Aggression is defined as a form of physical or verbal behavior leading to self- assertion; it is often angry and destructive and intended to be injurious, physically or emotionally and aimed at domination of one person by another. It may arise from innate drives and/or be a response to frustration and may be manifested by overt attacking and destructive behavior, by covert attitudes of hostility and obstructionism, or by a healthy self-expressive drive to mastery.
Aggressive behavior is a type of behavior where people attempt to stand up for themselves or exert power over others in ways that are hostile and violate the rights of others. People who are on the receiving end of aggressive behavior, usually feel dominated, embarrassed, guilty, or shamed as a result of this type of behavior.
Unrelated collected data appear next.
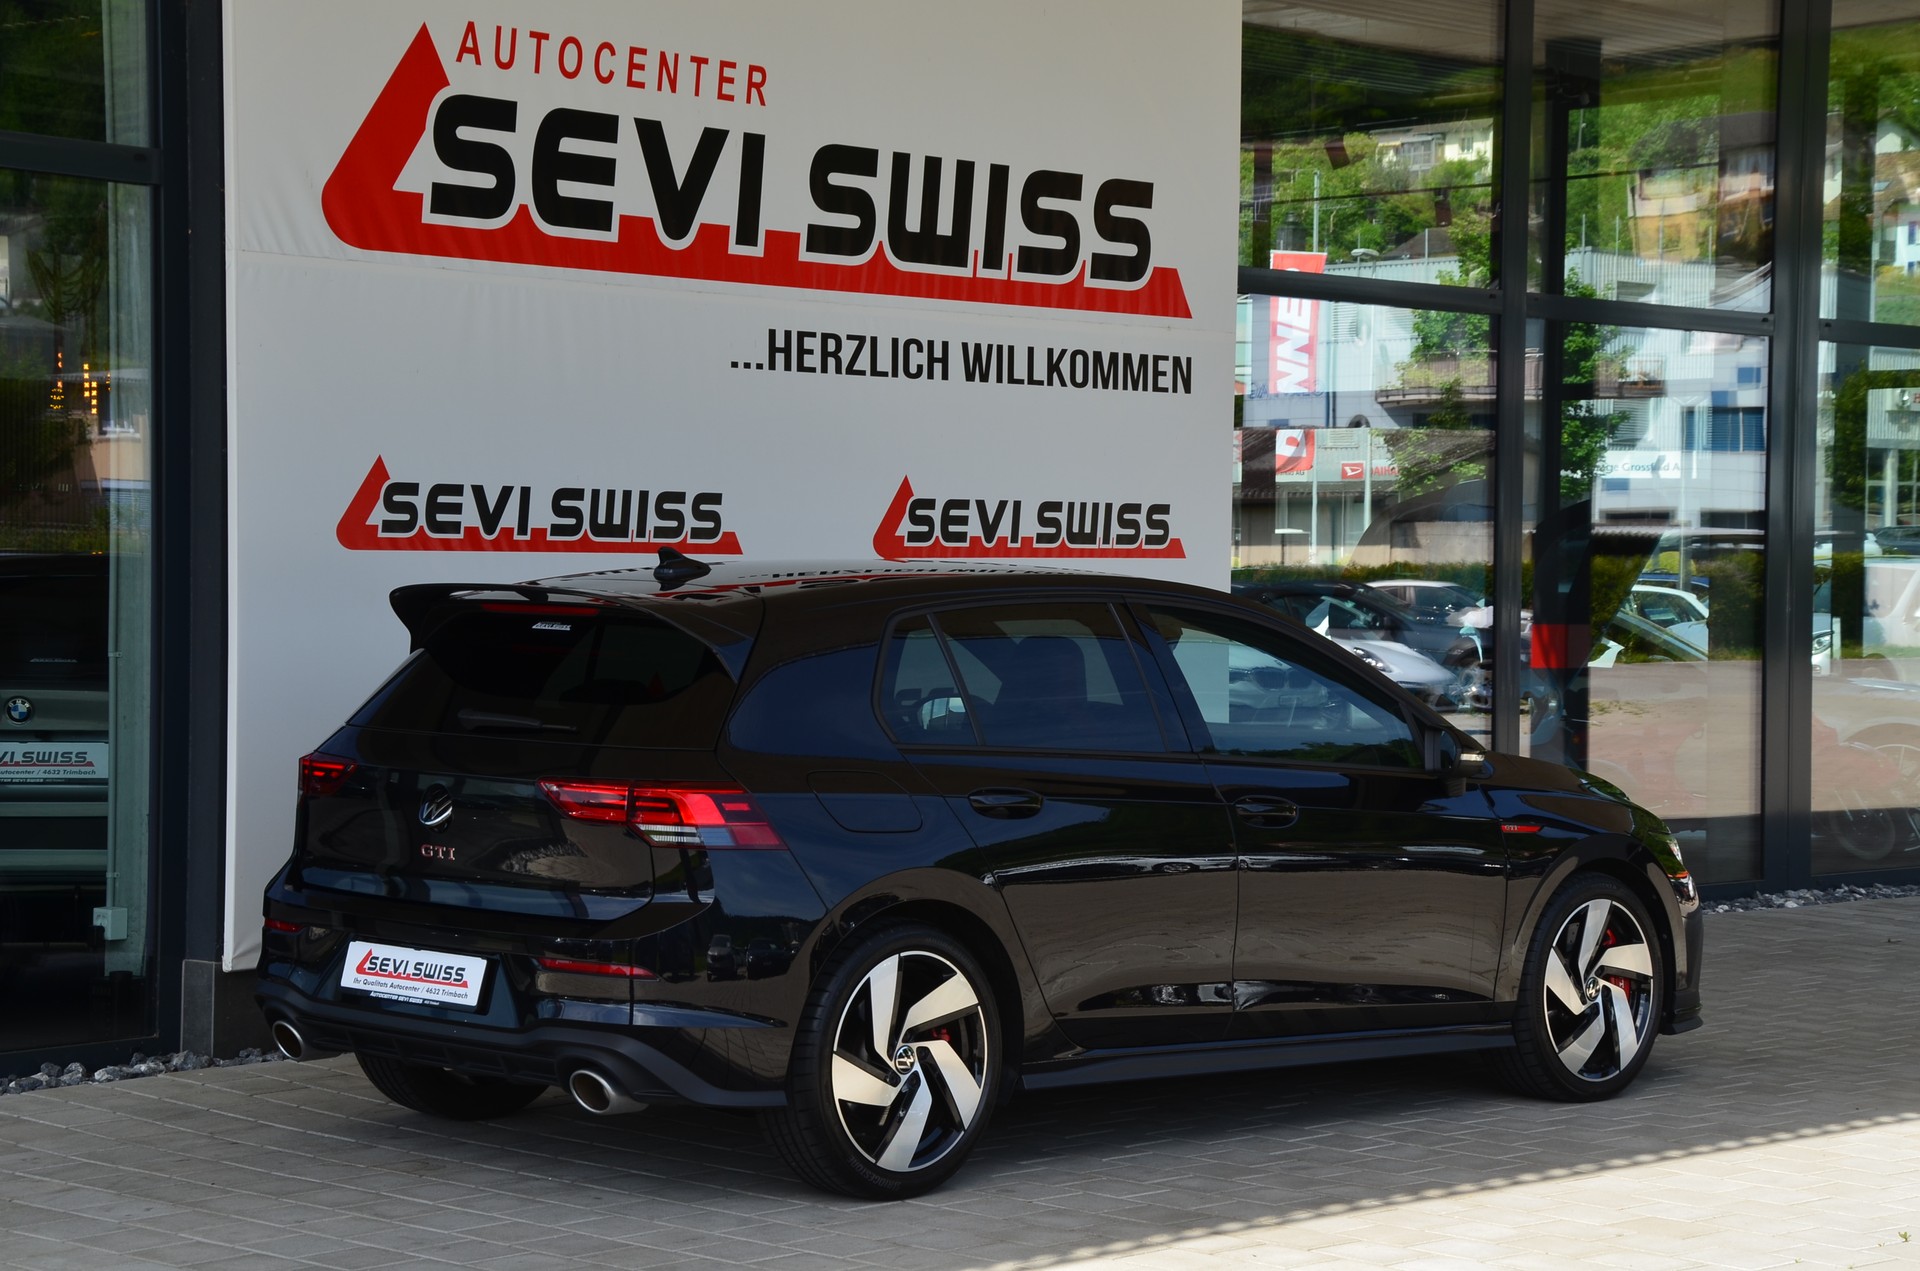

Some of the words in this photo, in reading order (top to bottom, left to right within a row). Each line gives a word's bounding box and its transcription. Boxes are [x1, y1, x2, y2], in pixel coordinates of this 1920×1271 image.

[455, 21, 768, 106] AUTOCENTER
[430, 94, 766, 248] SEVI
[805, 143, 1154, 283] SWISS
[730, 328, 949, 381] ...HERZLICH
[961, 341, 1192, 394] WILLKOMMEN
[1622, 462, 1669, 471] Grossfd
[381, 482, 531, 540] SEVI
[549, 487, 723, 541] SWISS
[906, 498, 1022, 546] SEVI
[1035, 501, 1171, 547] SWISS
[21, 751, 88, 764] SWISS
[421, 845, 456, 861] GTI
[352, 977, 362, 985] Ihr
[389, 982, 421, 992] Autocenter
[426, 987, 440, 995] 4632
[441, 988, 469, 1000] Trimbach
[367, 956, 409, 976] SEVI
[412, 961, 466, 983] SWISS
Aggressive behaviors differ from passive aggressive behaviors, which seek to disguise feelings of anger in that they:
- Are usually intentional and meant to harm someone, either psychologically or physically, or destroy someone’s belongings;
- Can be directed toward another person or the self, such as a teenager who likes to injure herself by cutting her wrists;
- Are a major violation of the norms or rules of a particular society.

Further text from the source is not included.